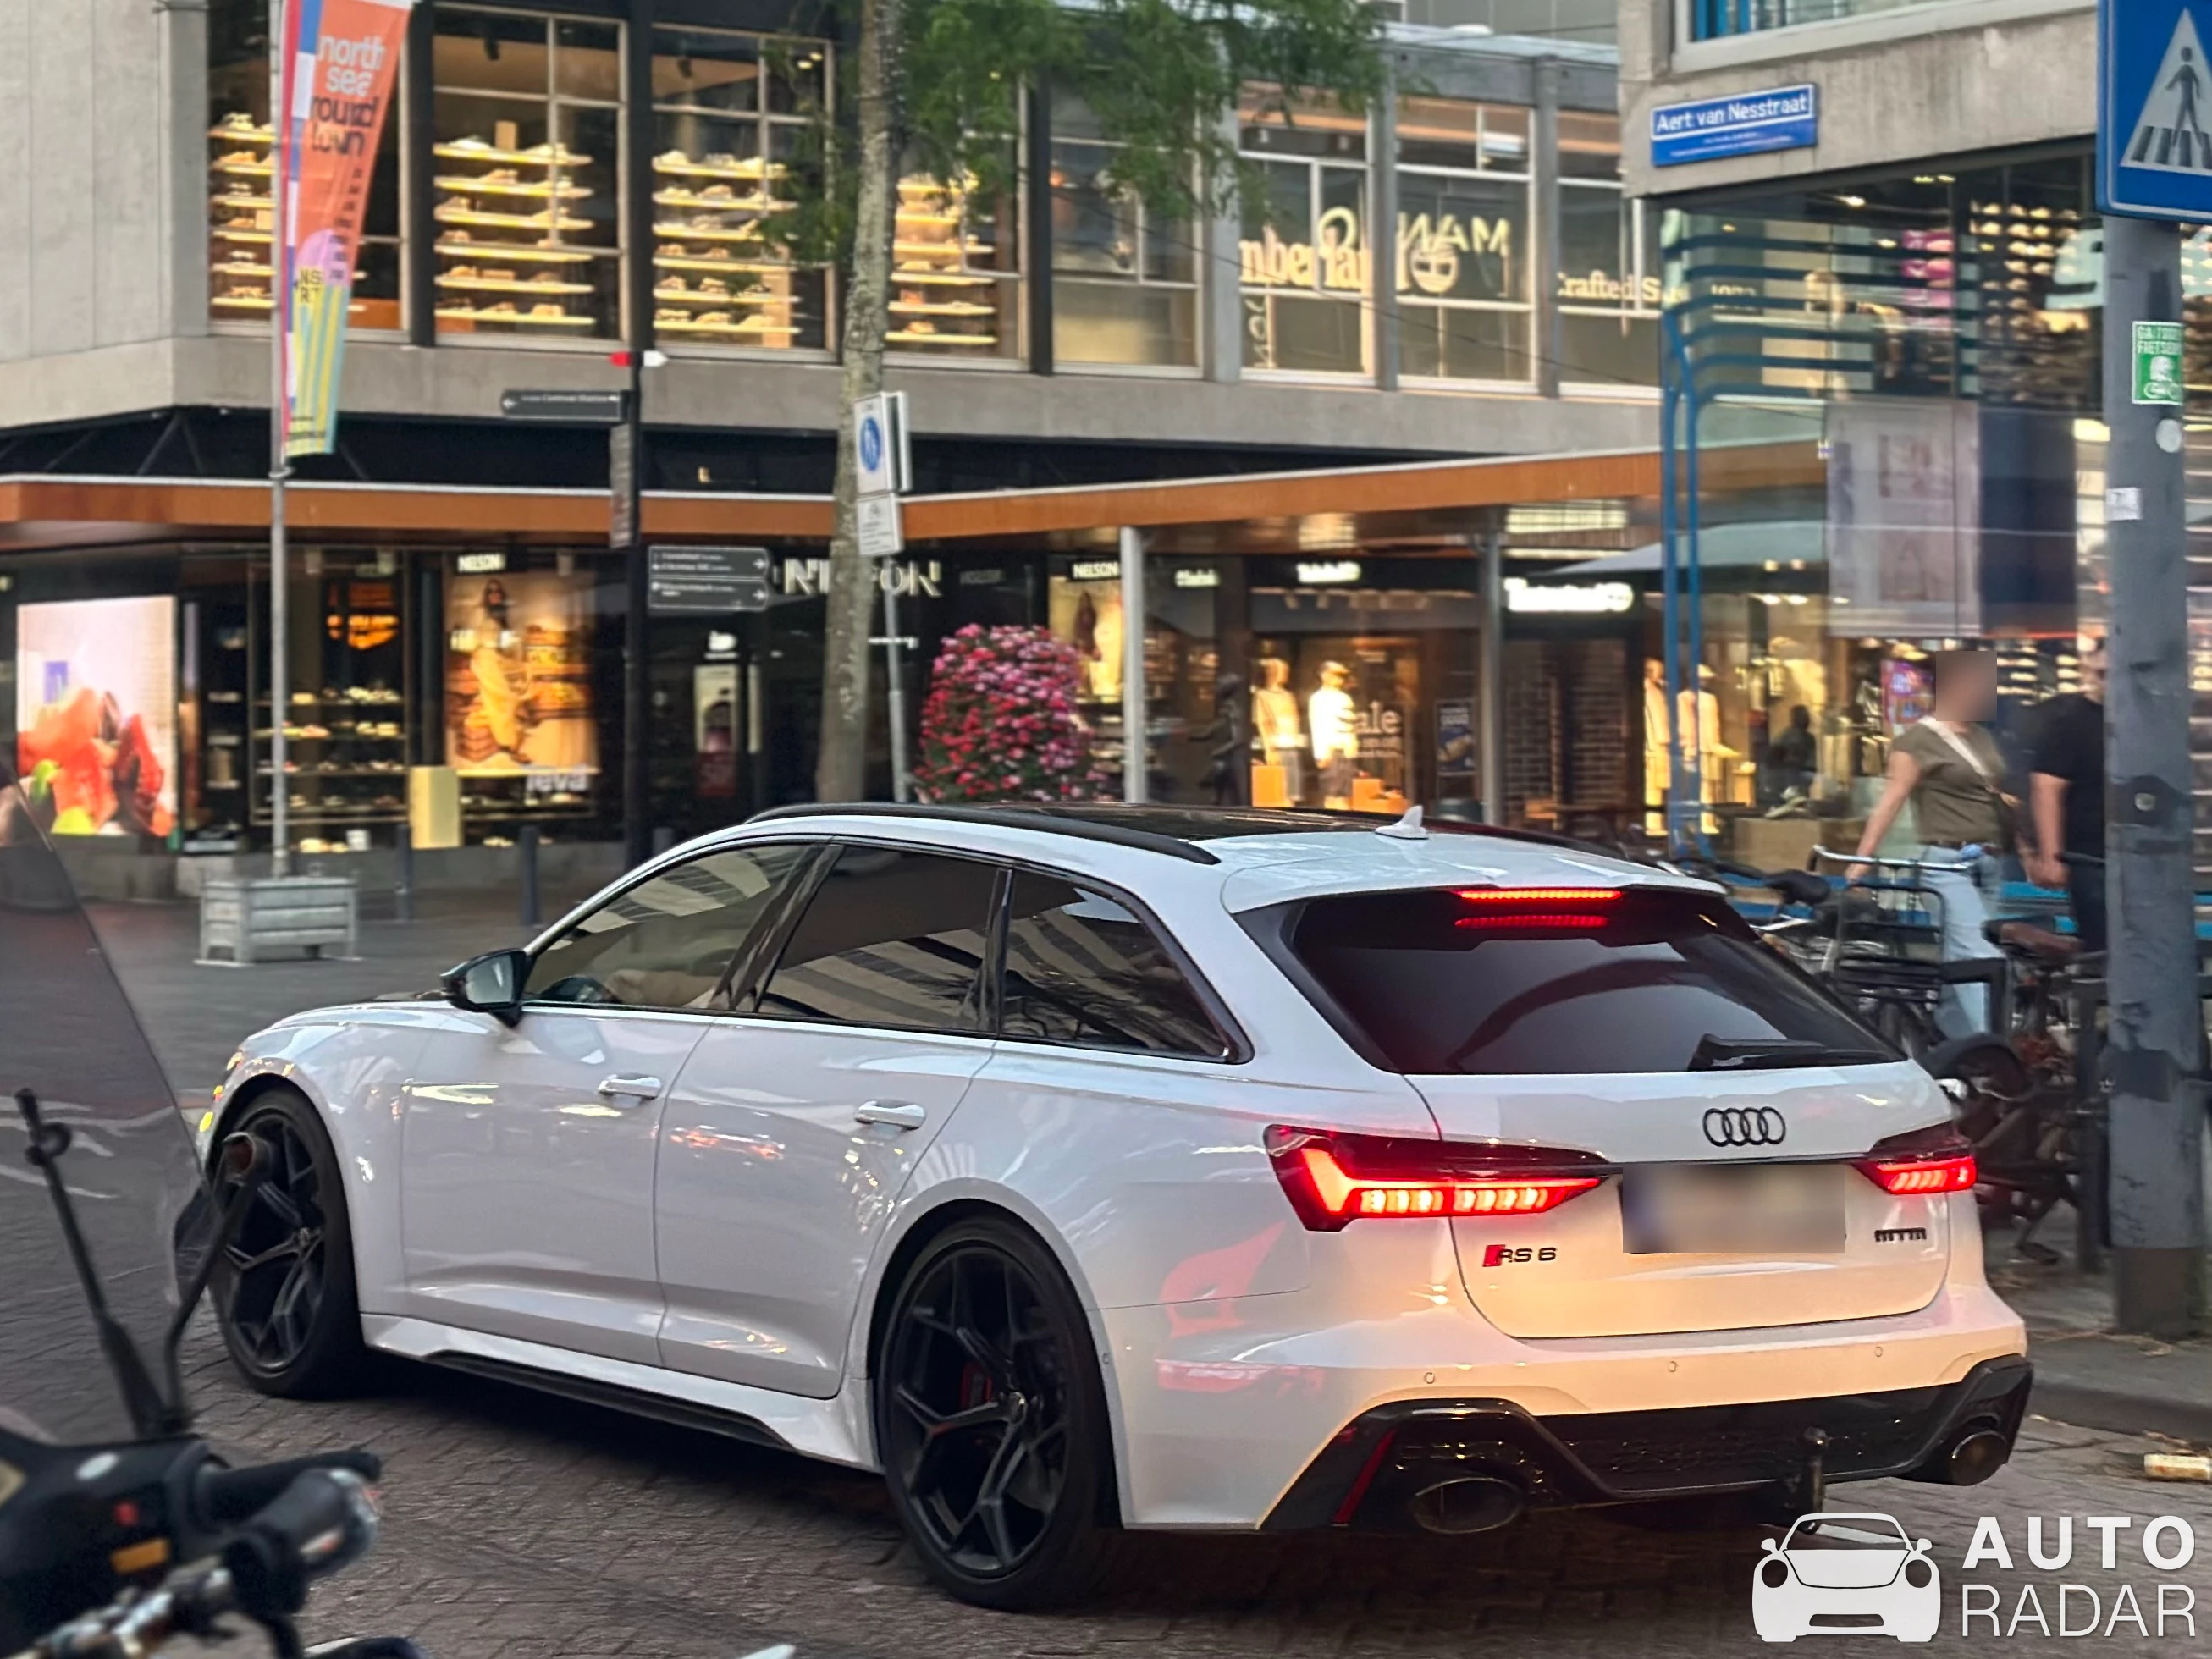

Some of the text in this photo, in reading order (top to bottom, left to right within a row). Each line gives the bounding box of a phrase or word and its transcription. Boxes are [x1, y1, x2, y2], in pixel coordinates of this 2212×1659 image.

[1657, 94, 1807, 132] Aert van Nesstraat
[1072, 561, 1118, 579] NELSON
[1355, 700, 1403, 734] ale
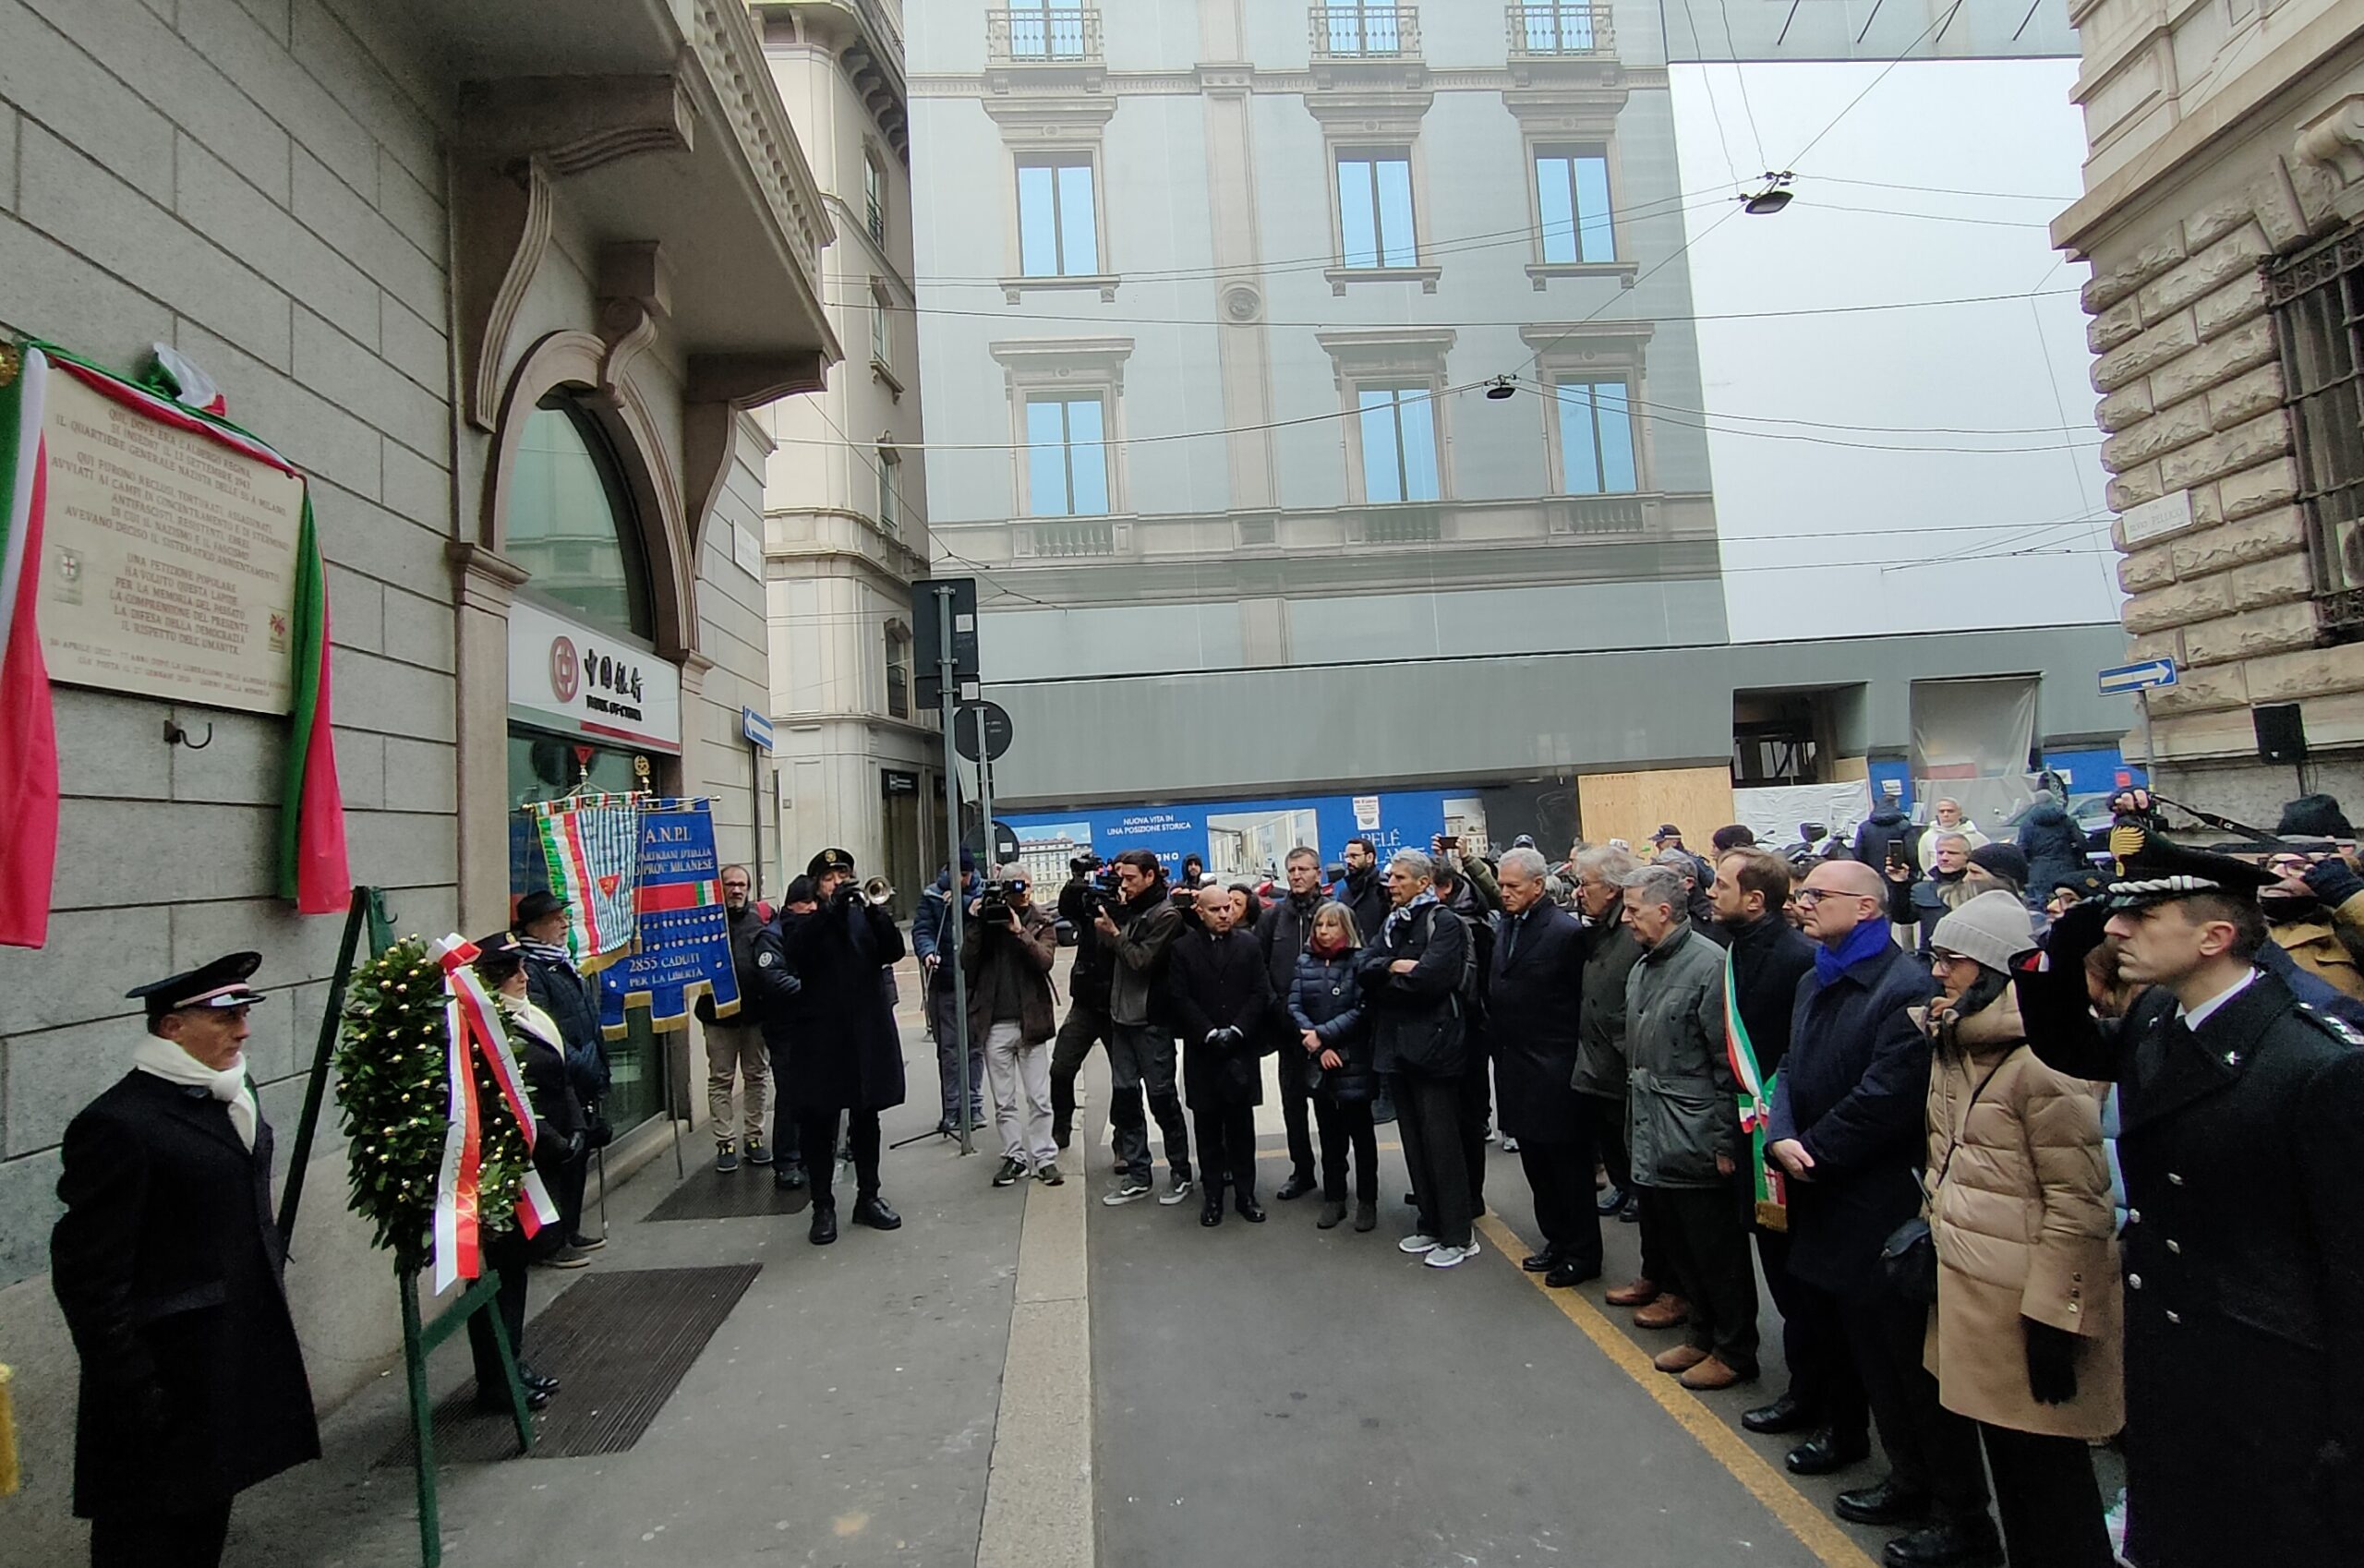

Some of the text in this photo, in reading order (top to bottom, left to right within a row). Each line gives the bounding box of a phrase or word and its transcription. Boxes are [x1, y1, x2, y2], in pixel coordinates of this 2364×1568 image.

[1123, 814, 1175, 826] NUOVA VITA IN
[1106, 822, 1192, 836] UNA POSIZIONE STORICA
[670, 858, 715, 873] MILANESE
[629, 952, 701, 973] 2855 CADUTI
[629, 977, 647, 988] PER
[652, 973, 666, 984] LA
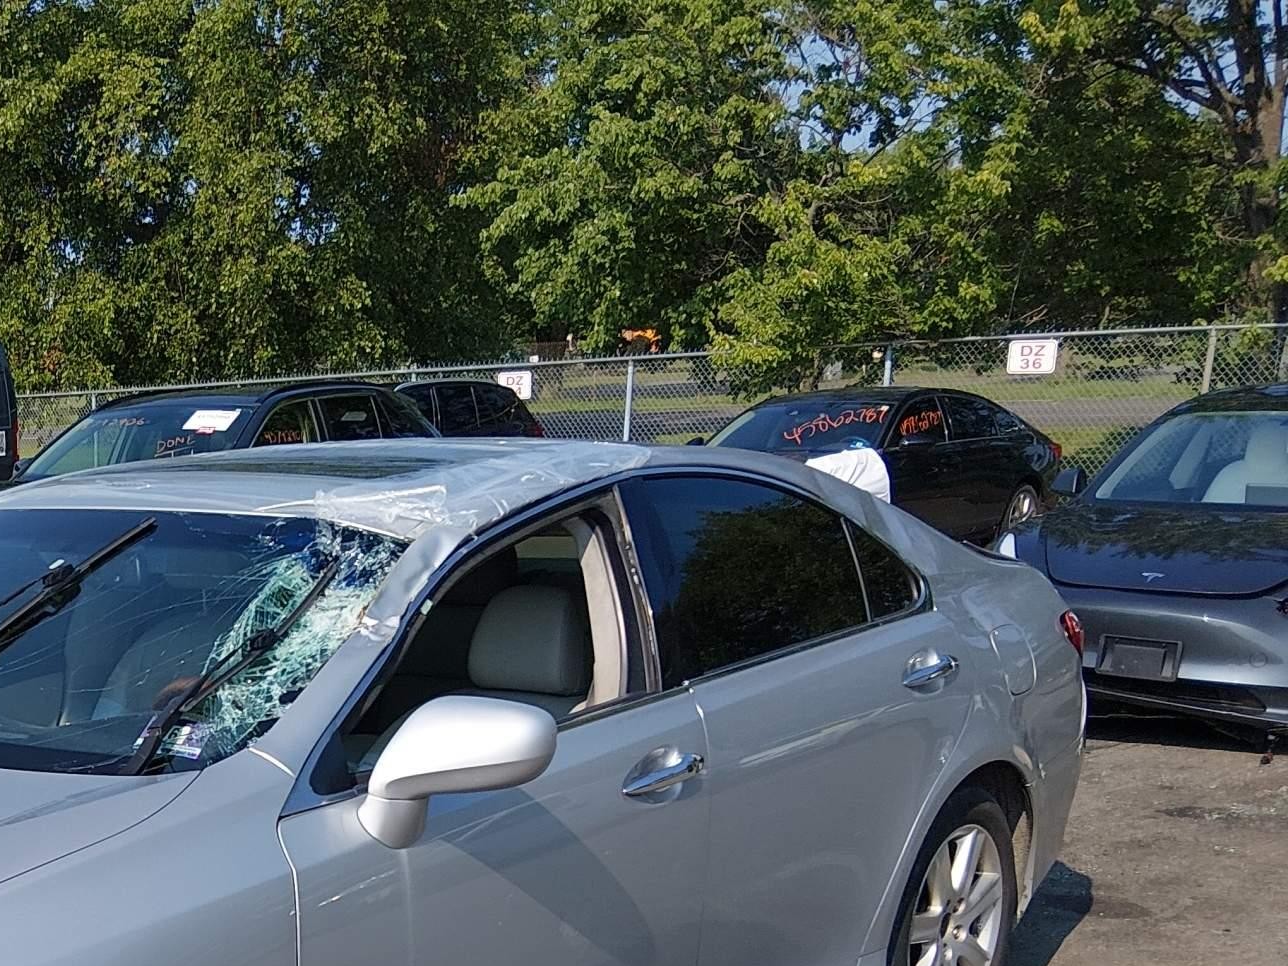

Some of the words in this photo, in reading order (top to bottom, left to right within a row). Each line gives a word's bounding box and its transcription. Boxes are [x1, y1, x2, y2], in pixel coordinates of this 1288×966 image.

* * * * * * *

> _WHAT YOU WILL DO_
Return each entry exactly as given. Leave the images out.

> _TASK OUTPUT_
Some of the text in this photo, in reading order (top to bottom, left to right within a row). Each line gives the bounding box of a phrase or word and its transcription. Boxes are [x1, y1, x2, y2], in pixel coordinates of this 2212×1659 image.

[1657, 94, 1807, 132] Aert van Nesstraat
[1072, 561, 1118, 579] NELSON
[1355, 700, 1403, 734] ale

Some of the text in this photo, in reading order (top to bottom, left to right within a row). Each line gives the bounding box of a phrase or word and its transcription. Boxes are [x1, y1, x2, y2], in pixel coordinates of this 2364×1568 image.

[1123, 814, 1175, 826] NUOVA VITA IN
[1106, 822, 1192, 836] UNA POSIZIONE STORICA
[670, 858, 715, 873] MILANESE
[629, 952, 701, 973] 2855 CADUTI
[629, 977, 647, 988] PER
[652, 973, 666, 984] LA

Some of the words in this photo, in reading order (top to bottom, left to right within a row). Each line gives a word's bounding box and its transcription. Boxes are [x1, y1, x2, y2], in pixel coordinates of this 1288×966 image.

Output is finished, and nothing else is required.